The E-MAC 2002-1, 2003-1, 2003-2, 2004-1, and 2004-II deals all contain borrower notification triggers linked to GMAC's long-term rating because the underlying assets were transferred via conditional rather than a true sale at closing - typical for Dutch RMBS. "The Dutch RMBS transactions would have required notification to all borrowers once GMAC was rated triple-B minus (at some expense) although S&P confirmed they didn't require this in October last year," said one source. "GMAC-RFC Nederlands services the mortgages for the E-MAC series, although they appoint a sub-servicer to actually process the loan payments. A similar approach is used for the U.K. RMAC deals. Therefore servicer risk is reduced." But all the E-MAC deals now use the new Dutch true-sale legislation, which came into effect last October and analysts at Dresdner noted that Moody's Investors Service had replaced its original Baa2' notification trigger with a new Ba2' trigger, linked to GMAC to mitigate co-mingling risks.

The Globaldrive transactions have greater risk exposure to the Ford name because they are serviced by the Ford finance subsidiary, FCE Bank, in Europe and have a revolving structure, requiring the generation of new collateral. There are four deals outstanding in the Globaldrive series - Globaldrive (U.K.) Plc began amortizing in November 2003 and the Globaldrive B.V. series D breached an early amortizing trigger last year.

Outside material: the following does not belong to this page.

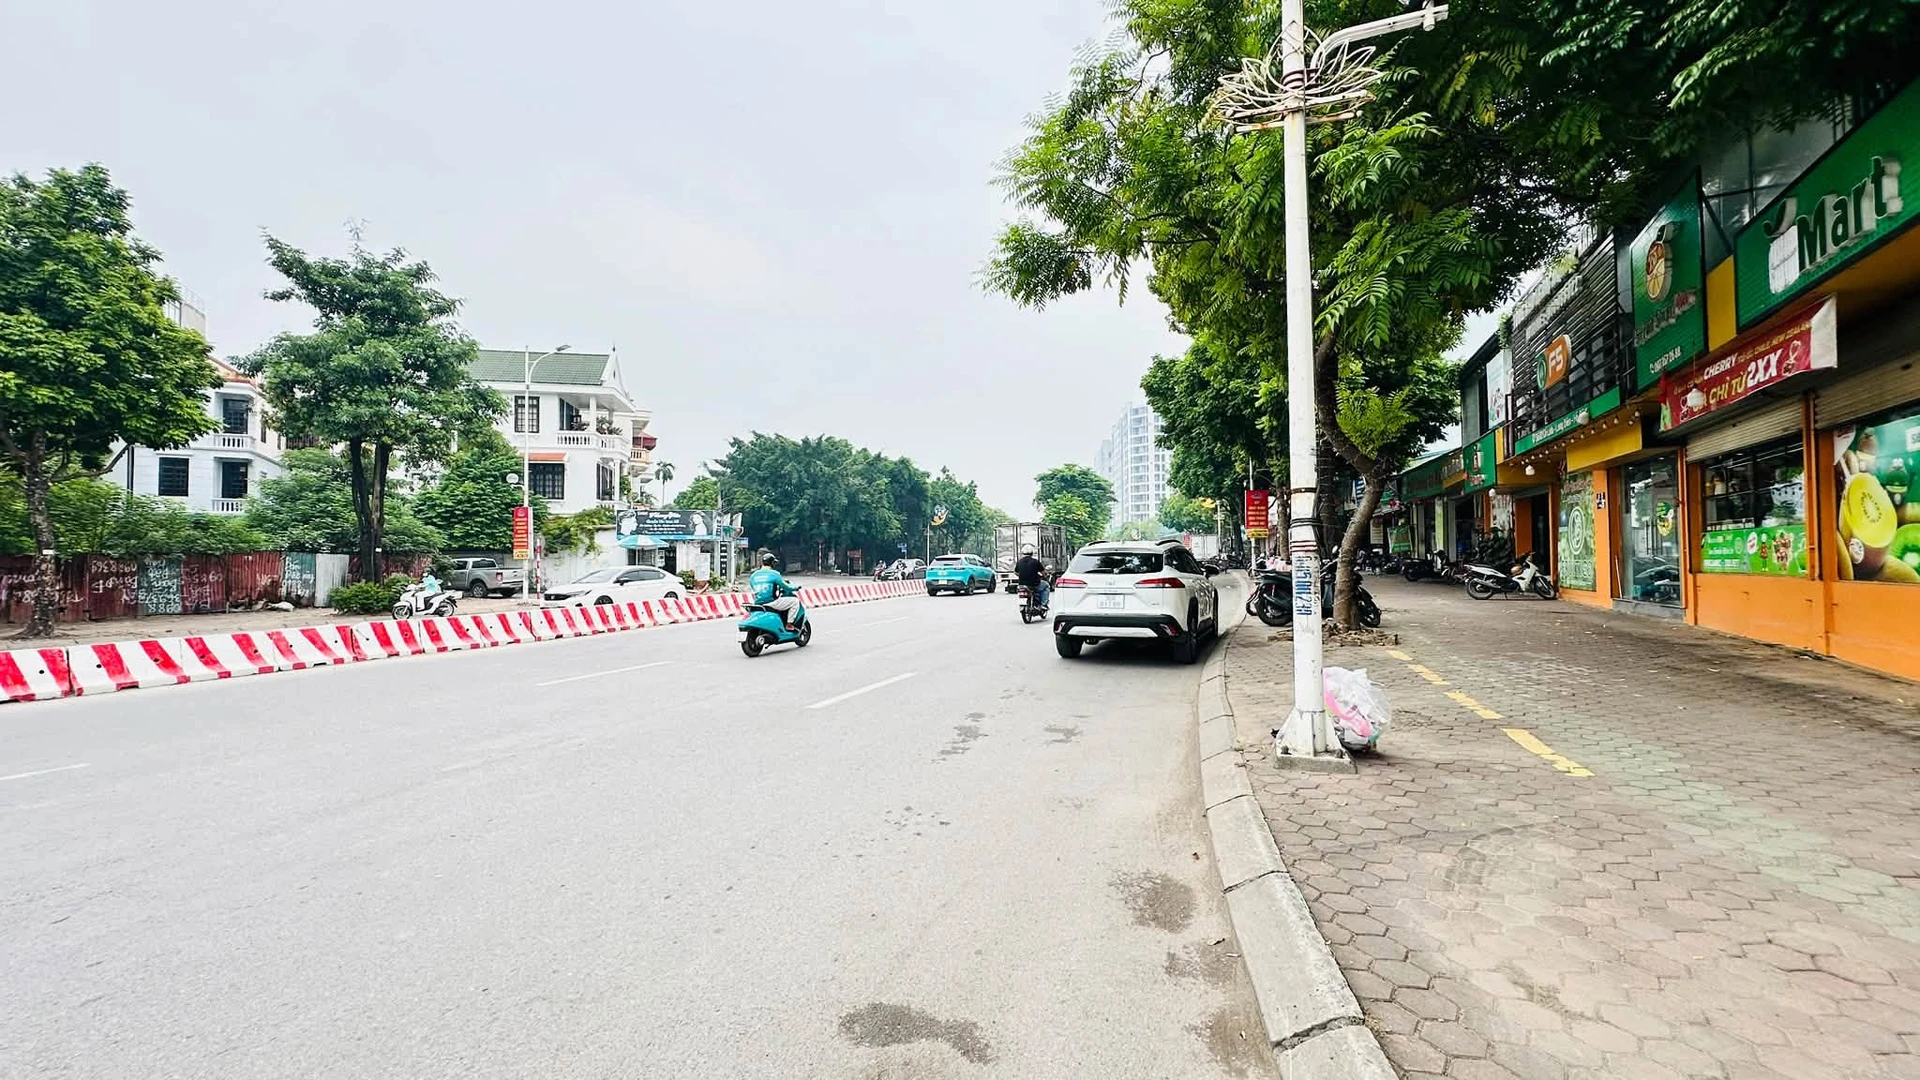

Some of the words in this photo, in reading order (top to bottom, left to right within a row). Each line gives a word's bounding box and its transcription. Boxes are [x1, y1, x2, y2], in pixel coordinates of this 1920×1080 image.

[1796, 156, 1896, 273] Mart
[1704, 352, 1738, 380] CHERRY
[1709, 376, 1730, 404] CHỈ
[1746, 348, 1783, 388] 2XX

Dresdner analysts said the revolving period had been due to end in March this year, but that series E and F are still in the revolving phase, due to start amortizing within the next 14 months. A FCE Bank insolvency would lead to an early amortization and replacement of the servicer - unlike the GMAC deals, these transactions have no back-up servicer in place. "With regards to the Ford Globaldrive transactions these notes are not regularly traded, and in light of the reaction when Fiat [S.p.A.] had issues two years ago, investors will likely hold onto paper rather than accept low prices to subsequently see the notes trade tighter," reported one industry analyst.